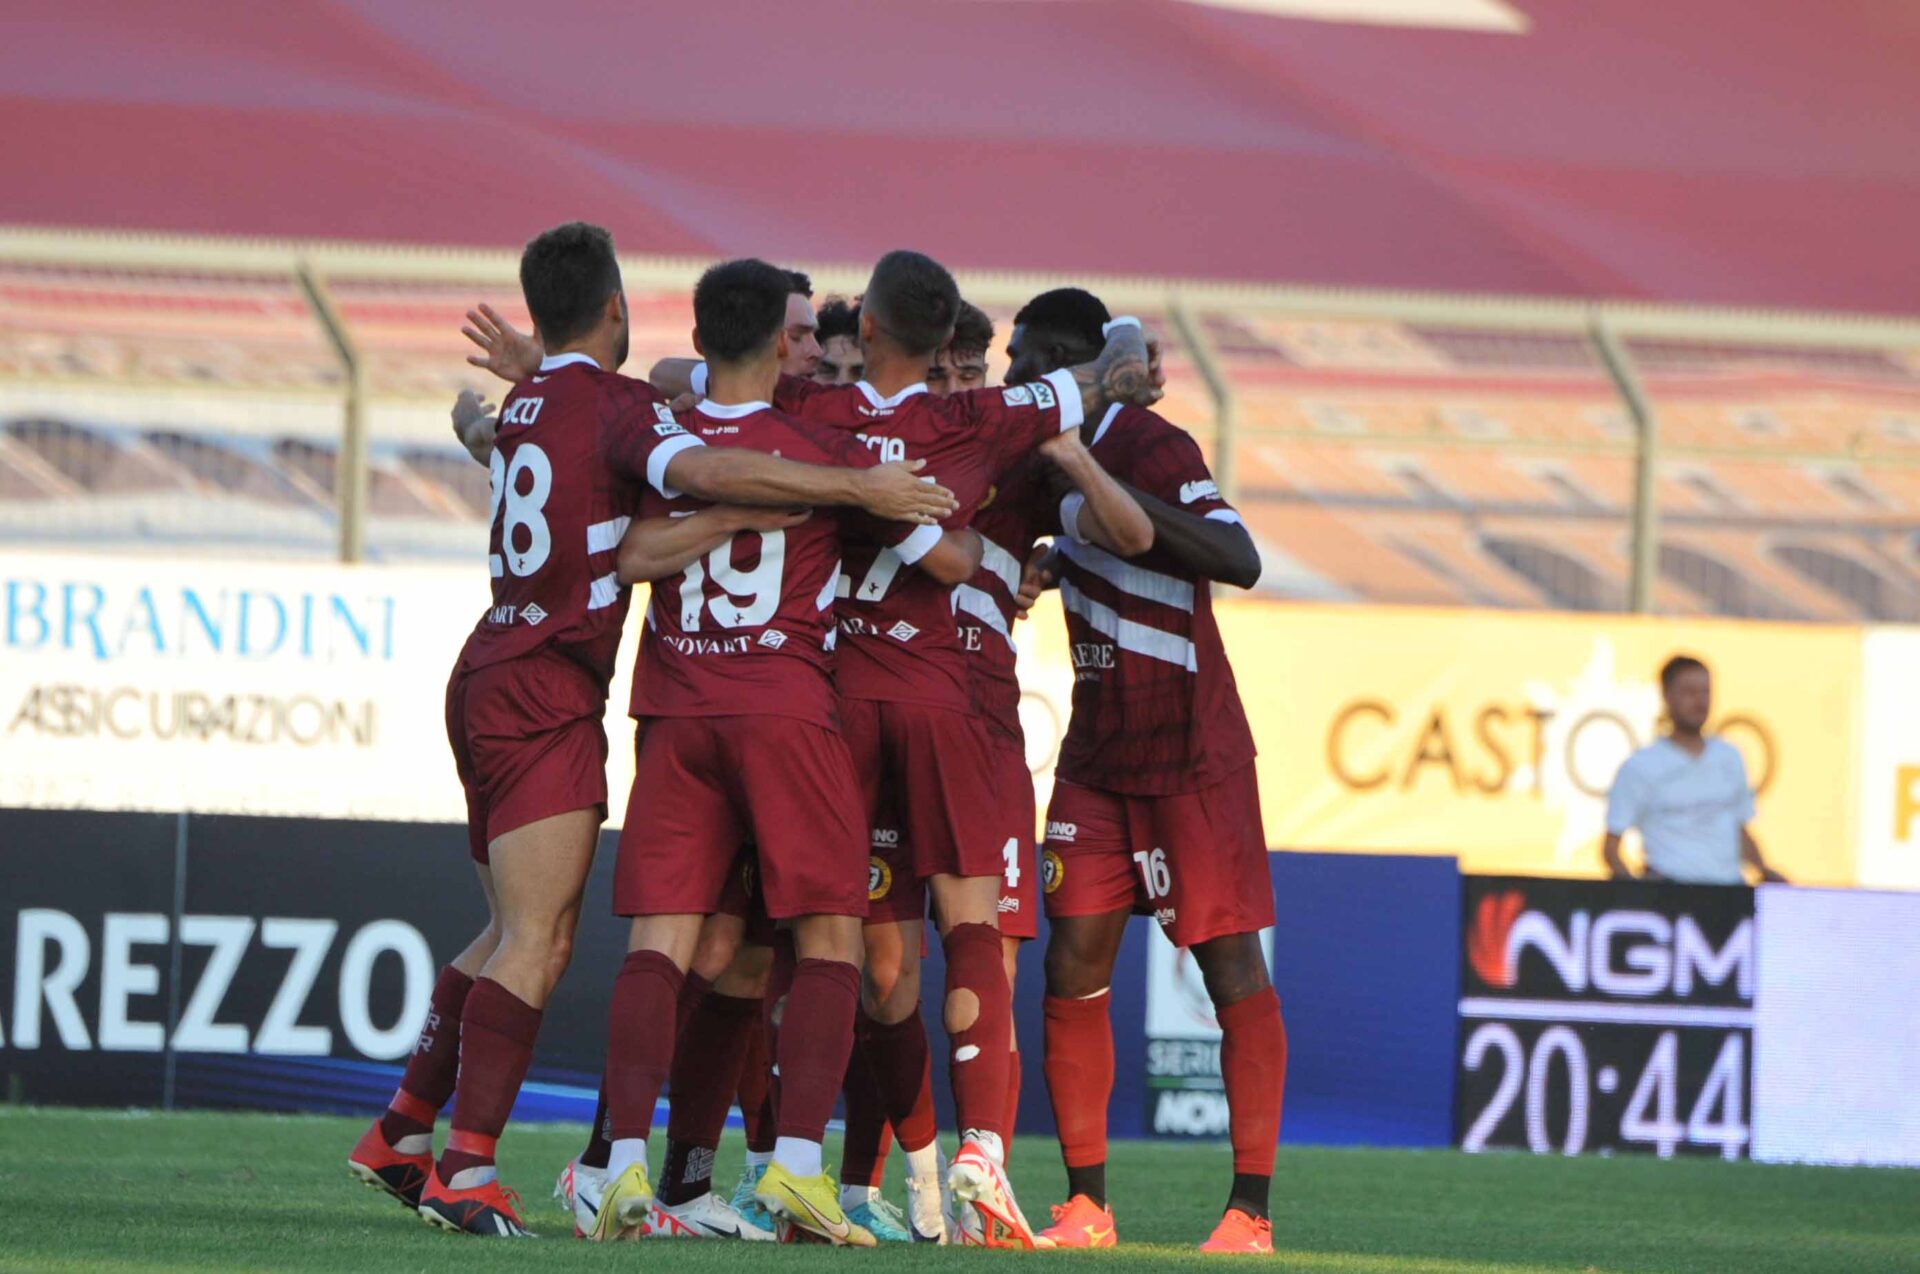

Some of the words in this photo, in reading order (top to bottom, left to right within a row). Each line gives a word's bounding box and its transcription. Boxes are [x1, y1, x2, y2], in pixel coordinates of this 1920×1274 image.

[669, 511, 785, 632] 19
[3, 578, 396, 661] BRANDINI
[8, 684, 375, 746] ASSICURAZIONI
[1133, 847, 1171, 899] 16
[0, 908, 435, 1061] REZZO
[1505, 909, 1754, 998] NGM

____

▸ **ACTION ITEM**:
The material shown above is to be repeated verbatim, and its pictures are to be omitted.

▸ **RESPONSE AREA**:
Some of the words in this photo, in reading order (top to bottom, left to right within a row). Each line gives a word's bounding box and its transcription. Boxes are [x1, y1, x2, y2], in pixel coordinates of this 1920×1274 image.

[669, 511, 785, 632] 19
[3, 578, 396, 661] BRANDINI
[8, 684, 375, 746] ASSICURAZIONI
[1133, 847, 1171, 899] 16
[0, 908, 435, 1061] REZZO
[1505, 909, 1754, 998] NGM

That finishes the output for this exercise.